(Images for object localization)
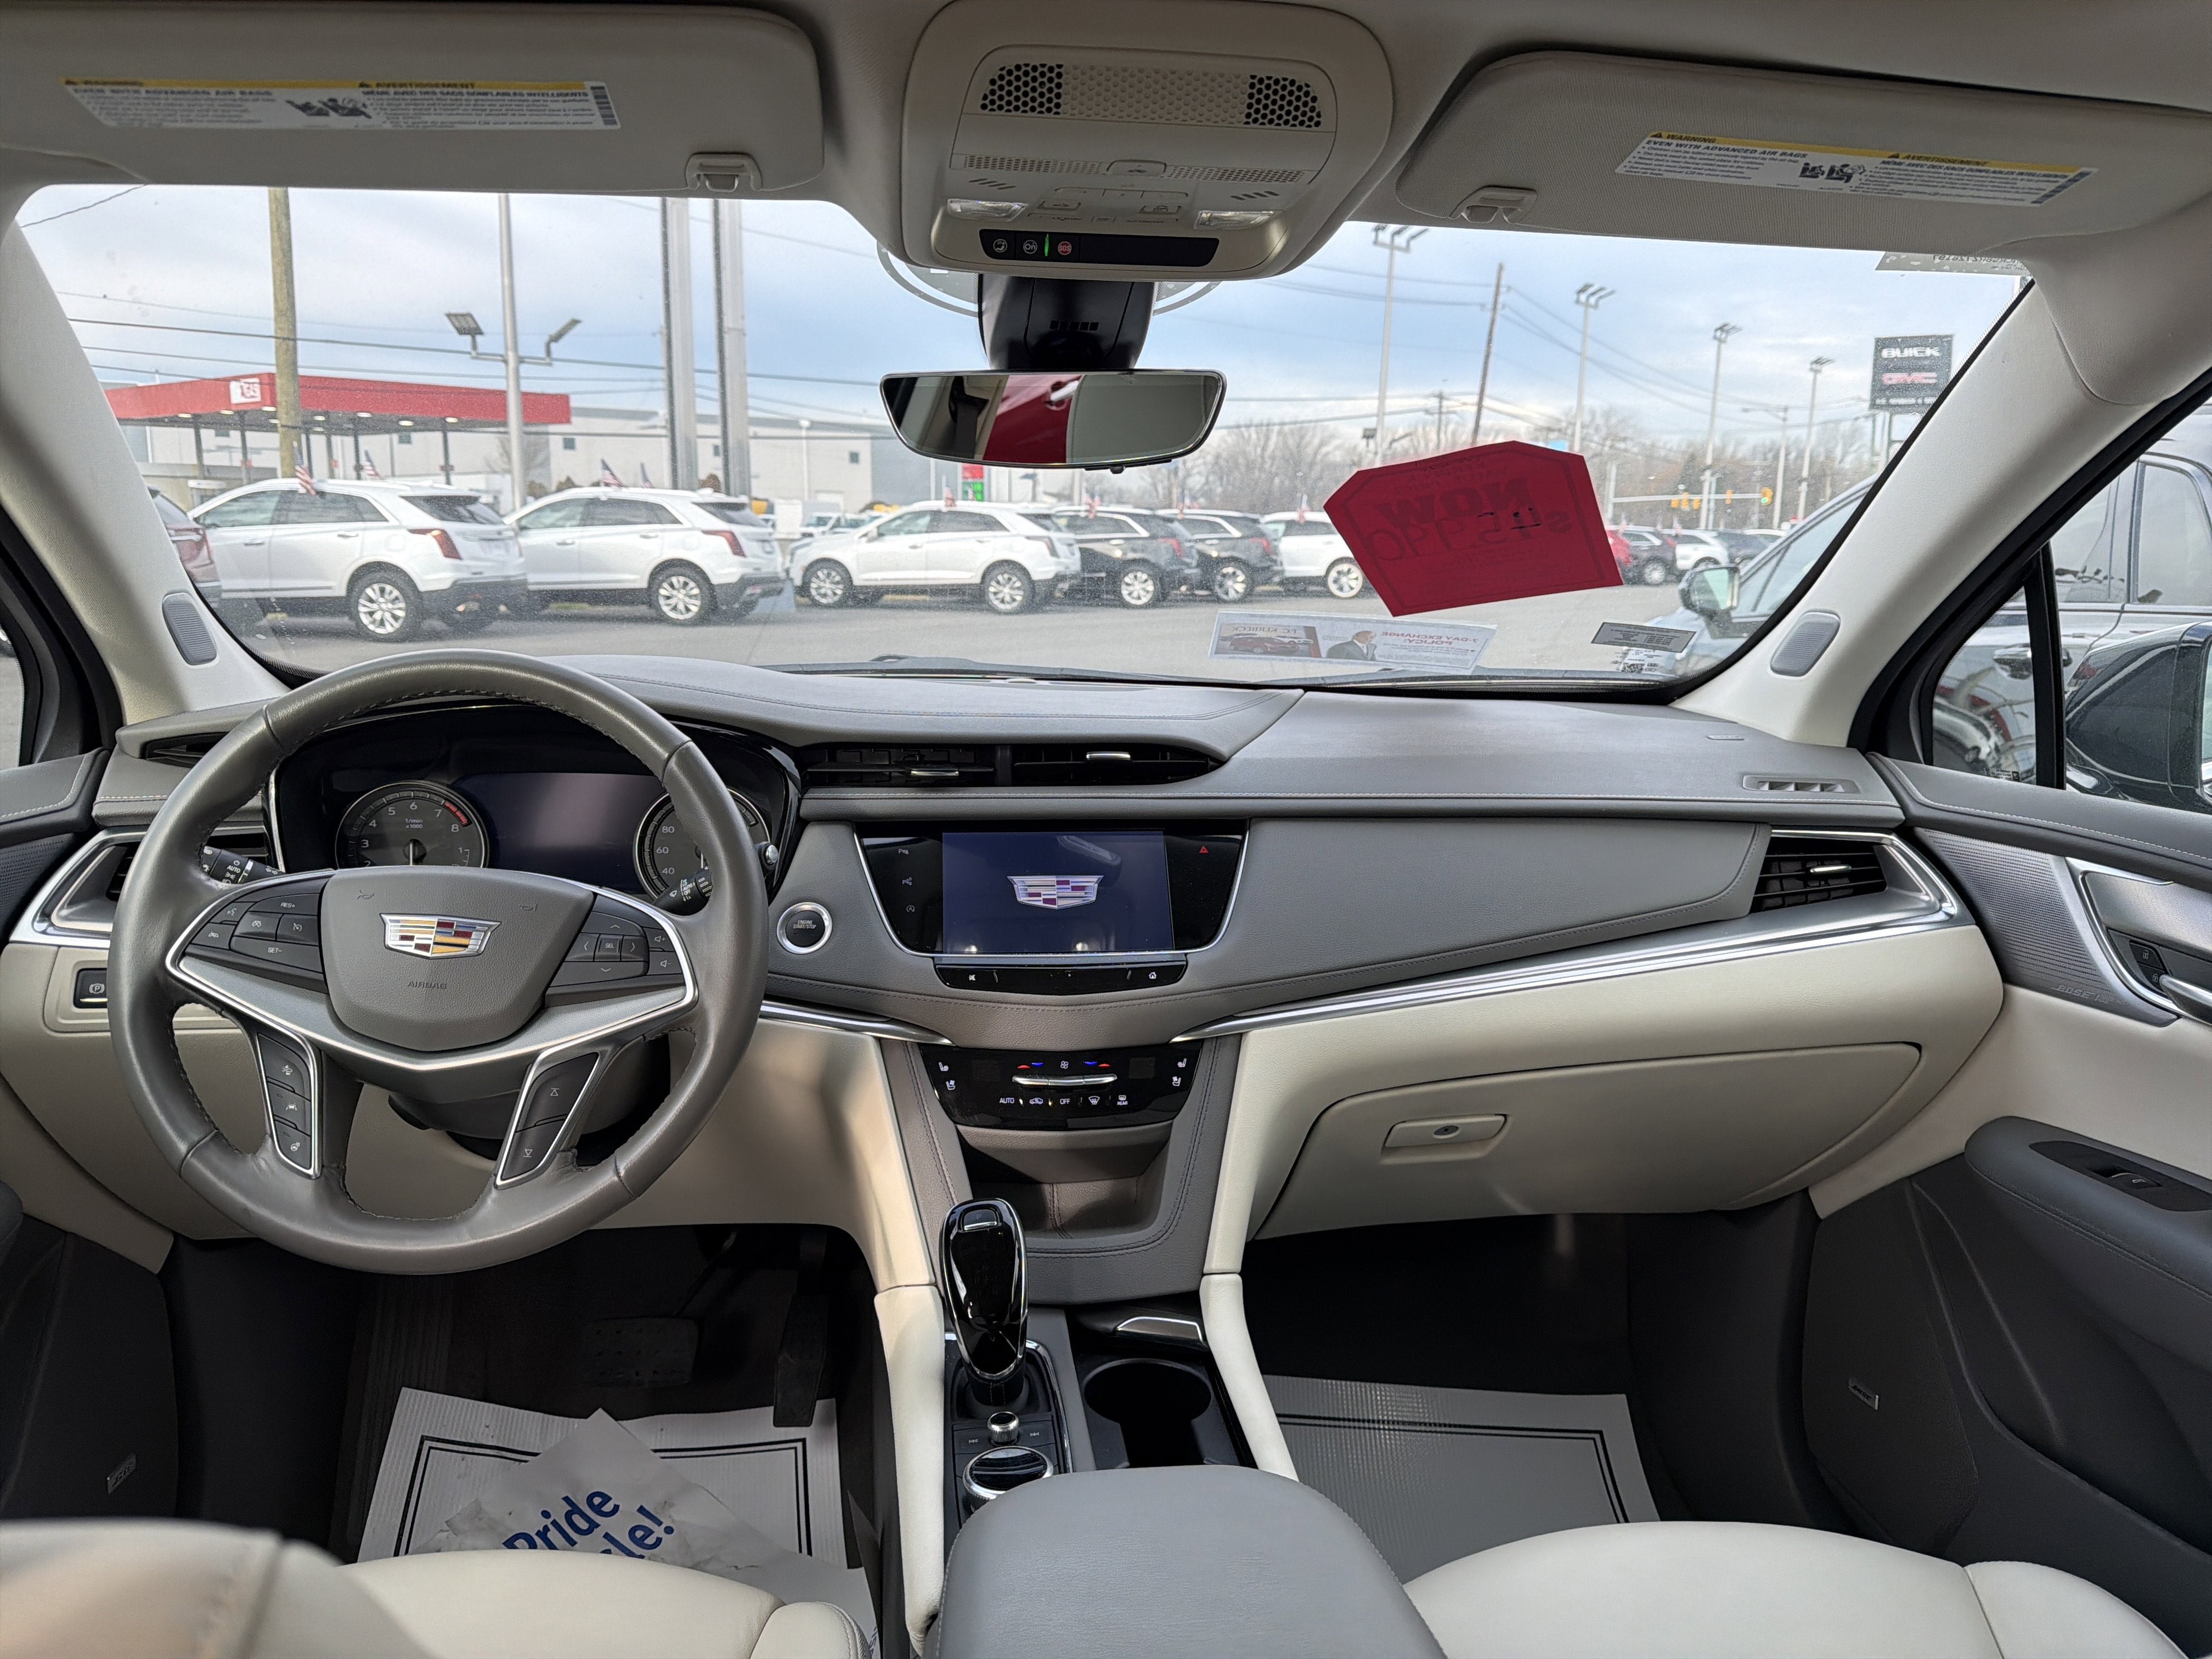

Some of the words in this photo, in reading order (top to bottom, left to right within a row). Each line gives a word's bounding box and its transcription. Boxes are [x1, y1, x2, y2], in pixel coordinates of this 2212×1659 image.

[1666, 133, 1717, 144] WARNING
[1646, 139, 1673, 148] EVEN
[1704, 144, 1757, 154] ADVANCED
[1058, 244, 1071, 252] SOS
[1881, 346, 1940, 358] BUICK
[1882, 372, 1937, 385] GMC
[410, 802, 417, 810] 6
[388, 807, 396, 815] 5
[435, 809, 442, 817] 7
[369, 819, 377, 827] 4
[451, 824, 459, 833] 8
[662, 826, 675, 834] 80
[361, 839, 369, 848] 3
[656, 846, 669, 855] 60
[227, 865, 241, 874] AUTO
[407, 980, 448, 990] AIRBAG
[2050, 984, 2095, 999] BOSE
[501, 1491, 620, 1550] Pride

### What to work on
A faithful, word-for-word copy of the data is needed; the pictures should not appear in it.

### Result
Some of the words in this photo, in reading order (top to bottom, left to right within a row). Each line gives a word's bounding box and its transcription. Boxes are [x1, y1, x2, y2], in pixel coordinates of this 2212×1659 image.

[1666, 133, 1717, 144] WARNING
[1646, 139, 1673, 148] EVEN
[1704, 144, 1757, 154] ADVANCED
[1058, 244, 1071, 252] SOS
[1881, 346, 1940, 358] BUICK
[1882, 372, 1937, 385] GMC
[410, 802, 417, 810] 6
[388, 807, 396, 815] 5
[435, 809, 442, 817] 7
[369, 819, 377, 827] 4
[451, 824, 459, 833] 8
[662, 826, 675, 834] 80
[361, 839, 369, 848] 3
[656, 846, 669, 855] 60
[227, 865, 241, 874] AUTO
[407, 980, 448, 990] AIRBAG
[2050, 984, 2095, 999] BOSE
[501, 1491, 620, 1550] Pride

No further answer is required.